Endocrine Disruptors Start a Medical Revolution: From Alligators to Humans
Embargo expired: 5-Jan-2014 12:00 AM EST
Source Newsroom: Society for Integrative and Comparative Biology (SICB)
Byline: Kara Feilich, Harvard University
Newswise — Dr. Lou Guillette Jr. began studying the evolution of lizard reproduction more than 40 years ago. He never expected that reptiles would point him in the direction of a worldwide environmental challenge: endocrine disruption. Speaking at the Society for Integrative and Comparative Biology’s annual meeting in Austin, Dr. Guillette explained how his basic research on animals has brought him and others to recognize the environmental challenges to human health.
Early studies of alligators led Dr. Guillette to realize that something in the environment was affecting their reproduction. Juvenile female alligators had malformed ovaries, while males had lower than average testosterone levels and a small penis. He and his colleagues discovered that the changes were caused by environmental contaminants, which were acting as endocrine disruptors.
The endocrine system is one of the body’s most important internal communication systems. It is how cells tell each other what to do to keep everything working correctly. Hormones are the messengers of the endocrine system, running back and forth among cells carrying their instructions. Disrupting normal endocrine function can have serious repercussions for health.
According to Dr. Guillette, the way hormones create different effects in the body is like music. “Think about all of the ways you could play ‘Twinkle Twinkle Little Star’ and you could still understand that it is ‘Twinkle Twinkle Little Star’. You could make the notes loud, or play them softer. You could play them slower or faster…Each one of us is a little bit different. We each play ‘Twinkle Twinkle Little Star’ a little bit differently.” As long as the body recognizes the message, the “music” played by its chemical messengers, it works correctly.
The idea of endocrine messages as music also describes the effect of environmental contaminants that act as endocrine disruptors. “If ‘Twinkle Twinkle Little Star’ is so loud that it no longer is music, it’s noise, or if it’s so soft that you can’t hear it, now all of the sudden, that’s not good.” Contaminants can cause either of these situations, breaking down the harmony of the body’s communication systems. If the body is overwhelmed with false messengers, or blocked from receiving its own messengers, it won’t be able to function properly. If other chemicals interact with the body’s own chemicals in unexpected ways, they confuse cells, and provide them with incorrect instructions.
How did researchers find these endocrine effects in alligators and other wildlife before humans? The alligators are what Dr. Guillette calls a “sentinel” species. At the top of the food chain, alligators accumulate contaminants faster than other animals. And the effects of those contaminants on alligators point researchers, like Guillette, to how they may affect people.

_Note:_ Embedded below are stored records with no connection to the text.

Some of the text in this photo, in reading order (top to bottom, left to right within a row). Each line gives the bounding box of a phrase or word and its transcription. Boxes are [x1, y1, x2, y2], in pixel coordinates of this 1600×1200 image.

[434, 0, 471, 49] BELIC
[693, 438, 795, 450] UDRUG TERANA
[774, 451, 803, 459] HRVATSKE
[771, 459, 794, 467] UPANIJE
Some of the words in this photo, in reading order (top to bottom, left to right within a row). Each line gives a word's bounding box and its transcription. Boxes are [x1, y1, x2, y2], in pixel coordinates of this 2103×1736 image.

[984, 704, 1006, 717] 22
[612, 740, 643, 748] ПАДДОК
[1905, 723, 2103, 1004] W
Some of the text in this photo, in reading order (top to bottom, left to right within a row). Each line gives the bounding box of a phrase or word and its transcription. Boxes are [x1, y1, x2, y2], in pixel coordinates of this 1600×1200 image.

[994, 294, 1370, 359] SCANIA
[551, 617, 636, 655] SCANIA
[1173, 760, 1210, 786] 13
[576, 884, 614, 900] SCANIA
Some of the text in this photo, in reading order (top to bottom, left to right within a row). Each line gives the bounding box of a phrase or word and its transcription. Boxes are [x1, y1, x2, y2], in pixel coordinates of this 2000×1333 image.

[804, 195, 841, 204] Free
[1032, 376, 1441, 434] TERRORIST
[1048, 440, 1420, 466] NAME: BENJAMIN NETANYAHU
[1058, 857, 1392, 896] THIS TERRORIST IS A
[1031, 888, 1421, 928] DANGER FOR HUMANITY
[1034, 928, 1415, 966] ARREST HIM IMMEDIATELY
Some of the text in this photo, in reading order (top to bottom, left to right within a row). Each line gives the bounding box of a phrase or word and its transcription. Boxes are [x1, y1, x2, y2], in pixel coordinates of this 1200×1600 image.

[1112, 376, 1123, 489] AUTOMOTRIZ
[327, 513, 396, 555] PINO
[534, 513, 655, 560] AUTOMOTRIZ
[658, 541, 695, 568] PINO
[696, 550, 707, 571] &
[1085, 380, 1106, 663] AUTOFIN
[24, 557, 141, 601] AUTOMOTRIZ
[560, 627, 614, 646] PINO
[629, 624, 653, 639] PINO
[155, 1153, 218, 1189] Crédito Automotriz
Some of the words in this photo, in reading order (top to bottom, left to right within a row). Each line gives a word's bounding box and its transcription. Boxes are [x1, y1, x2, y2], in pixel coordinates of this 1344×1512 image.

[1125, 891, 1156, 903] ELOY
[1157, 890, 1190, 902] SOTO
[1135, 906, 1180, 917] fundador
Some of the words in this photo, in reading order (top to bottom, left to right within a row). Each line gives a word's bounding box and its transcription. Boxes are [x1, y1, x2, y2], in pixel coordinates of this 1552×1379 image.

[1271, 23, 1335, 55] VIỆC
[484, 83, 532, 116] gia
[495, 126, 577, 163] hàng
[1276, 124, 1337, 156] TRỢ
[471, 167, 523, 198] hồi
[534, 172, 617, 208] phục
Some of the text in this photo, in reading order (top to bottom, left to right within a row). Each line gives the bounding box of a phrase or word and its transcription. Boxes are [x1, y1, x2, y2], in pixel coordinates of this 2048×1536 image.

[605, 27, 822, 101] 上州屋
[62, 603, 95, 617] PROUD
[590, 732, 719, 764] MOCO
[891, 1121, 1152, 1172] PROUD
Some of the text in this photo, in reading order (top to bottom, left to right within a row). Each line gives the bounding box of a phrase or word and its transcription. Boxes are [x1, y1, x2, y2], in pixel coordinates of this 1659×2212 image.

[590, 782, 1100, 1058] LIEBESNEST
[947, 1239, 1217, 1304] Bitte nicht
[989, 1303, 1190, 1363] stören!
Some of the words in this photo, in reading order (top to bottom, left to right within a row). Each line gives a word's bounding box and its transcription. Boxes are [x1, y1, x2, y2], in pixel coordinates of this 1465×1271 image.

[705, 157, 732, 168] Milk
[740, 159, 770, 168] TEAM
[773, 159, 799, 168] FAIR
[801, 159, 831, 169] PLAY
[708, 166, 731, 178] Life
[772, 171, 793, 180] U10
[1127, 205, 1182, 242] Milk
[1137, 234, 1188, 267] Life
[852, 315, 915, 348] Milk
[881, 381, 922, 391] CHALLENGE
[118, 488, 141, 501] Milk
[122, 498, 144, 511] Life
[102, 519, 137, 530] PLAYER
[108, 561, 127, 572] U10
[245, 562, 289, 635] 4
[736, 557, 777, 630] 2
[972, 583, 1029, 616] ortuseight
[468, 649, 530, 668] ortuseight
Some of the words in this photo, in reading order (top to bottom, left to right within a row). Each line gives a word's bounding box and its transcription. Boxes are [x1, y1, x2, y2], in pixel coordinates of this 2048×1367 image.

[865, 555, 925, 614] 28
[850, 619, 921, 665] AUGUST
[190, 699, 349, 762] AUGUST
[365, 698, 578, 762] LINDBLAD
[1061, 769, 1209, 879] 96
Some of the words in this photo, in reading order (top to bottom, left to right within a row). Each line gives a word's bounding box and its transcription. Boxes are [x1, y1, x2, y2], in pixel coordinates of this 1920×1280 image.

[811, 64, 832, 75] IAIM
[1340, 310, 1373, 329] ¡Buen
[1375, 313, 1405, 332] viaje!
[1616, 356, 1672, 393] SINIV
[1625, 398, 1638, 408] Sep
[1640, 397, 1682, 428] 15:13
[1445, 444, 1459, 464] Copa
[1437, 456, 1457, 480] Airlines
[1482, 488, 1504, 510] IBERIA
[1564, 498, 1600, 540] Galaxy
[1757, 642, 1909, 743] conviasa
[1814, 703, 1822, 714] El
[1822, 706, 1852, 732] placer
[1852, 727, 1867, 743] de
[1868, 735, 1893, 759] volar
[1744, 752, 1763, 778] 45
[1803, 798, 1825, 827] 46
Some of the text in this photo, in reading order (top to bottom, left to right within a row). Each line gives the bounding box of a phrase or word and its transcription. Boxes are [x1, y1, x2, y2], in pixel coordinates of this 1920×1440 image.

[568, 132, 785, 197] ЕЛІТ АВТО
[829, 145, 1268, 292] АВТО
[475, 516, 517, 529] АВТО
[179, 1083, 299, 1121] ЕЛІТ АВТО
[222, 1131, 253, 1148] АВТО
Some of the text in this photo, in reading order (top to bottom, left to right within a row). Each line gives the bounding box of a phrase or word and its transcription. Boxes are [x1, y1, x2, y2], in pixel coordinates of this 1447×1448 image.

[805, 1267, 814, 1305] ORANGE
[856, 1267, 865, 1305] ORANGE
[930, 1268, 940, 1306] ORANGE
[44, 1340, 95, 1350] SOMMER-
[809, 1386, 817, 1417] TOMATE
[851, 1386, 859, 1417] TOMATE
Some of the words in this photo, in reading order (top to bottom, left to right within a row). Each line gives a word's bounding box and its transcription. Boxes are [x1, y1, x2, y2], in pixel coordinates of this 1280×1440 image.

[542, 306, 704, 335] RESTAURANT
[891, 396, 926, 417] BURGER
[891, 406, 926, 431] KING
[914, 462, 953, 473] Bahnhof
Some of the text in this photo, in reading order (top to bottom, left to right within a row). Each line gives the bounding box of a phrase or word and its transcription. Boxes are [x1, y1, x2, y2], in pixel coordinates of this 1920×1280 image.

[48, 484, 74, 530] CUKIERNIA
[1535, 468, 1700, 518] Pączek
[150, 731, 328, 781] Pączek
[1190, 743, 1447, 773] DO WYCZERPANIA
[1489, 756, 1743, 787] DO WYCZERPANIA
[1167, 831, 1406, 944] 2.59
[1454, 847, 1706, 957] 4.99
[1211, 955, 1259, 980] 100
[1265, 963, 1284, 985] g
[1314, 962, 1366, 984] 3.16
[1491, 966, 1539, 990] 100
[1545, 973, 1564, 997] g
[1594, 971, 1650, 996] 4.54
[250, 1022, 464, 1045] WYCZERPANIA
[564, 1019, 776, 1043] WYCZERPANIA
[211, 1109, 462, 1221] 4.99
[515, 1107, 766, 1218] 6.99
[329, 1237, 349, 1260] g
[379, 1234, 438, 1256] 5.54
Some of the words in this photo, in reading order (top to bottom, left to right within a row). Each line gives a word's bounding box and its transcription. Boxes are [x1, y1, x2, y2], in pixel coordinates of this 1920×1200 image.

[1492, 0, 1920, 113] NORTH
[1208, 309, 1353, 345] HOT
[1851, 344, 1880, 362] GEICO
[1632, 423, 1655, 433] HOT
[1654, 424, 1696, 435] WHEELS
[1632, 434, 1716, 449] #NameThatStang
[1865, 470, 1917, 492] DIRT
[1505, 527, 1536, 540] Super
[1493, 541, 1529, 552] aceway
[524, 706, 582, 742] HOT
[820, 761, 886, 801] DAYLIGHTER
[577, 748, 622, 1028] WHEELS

The National Institutes of Environmental Health Science lists over a thousand chemicals that appear to be endocrine disruptors, and Dr. Guillette and researchers around the world are only beginning to uncover the extent to which these endocrine disruptors affect human health. Pesticides, flame retardants, metals, even the nitrates in fertilizer can be endocrine disruptors. “Our bodies are actually being bombarded with thousands of chemicals every day. Some of those are natural products but many of them are compounds that we’ve introduced into the environment, and many of them are biologically active. It’s not just one or two chemicals, but whole classes of compounds.” Some like DDT are restricted, but researchers are only starting to realize how other chemicals, like phthalates found in everything from nutritional supplements to children’s toys, may be affecting human health.
Dr. Guillette believes this new appreciation of how the environment—and not just genetics or germs—affects health is ushering in a revolution in medicine. “There’s still a perception that somehow we’re going to find a gene that cures cancer, or there’s a gene for Alzheimer’s; the reality is that what we’re doing is we’re messing with the language or music of genes. Environmental contaminants, or even other kinds of environmental factors—if you don’t eat the right food, you have too much stress--all of those change the music. That alteration, of course, can lead to health or disease.”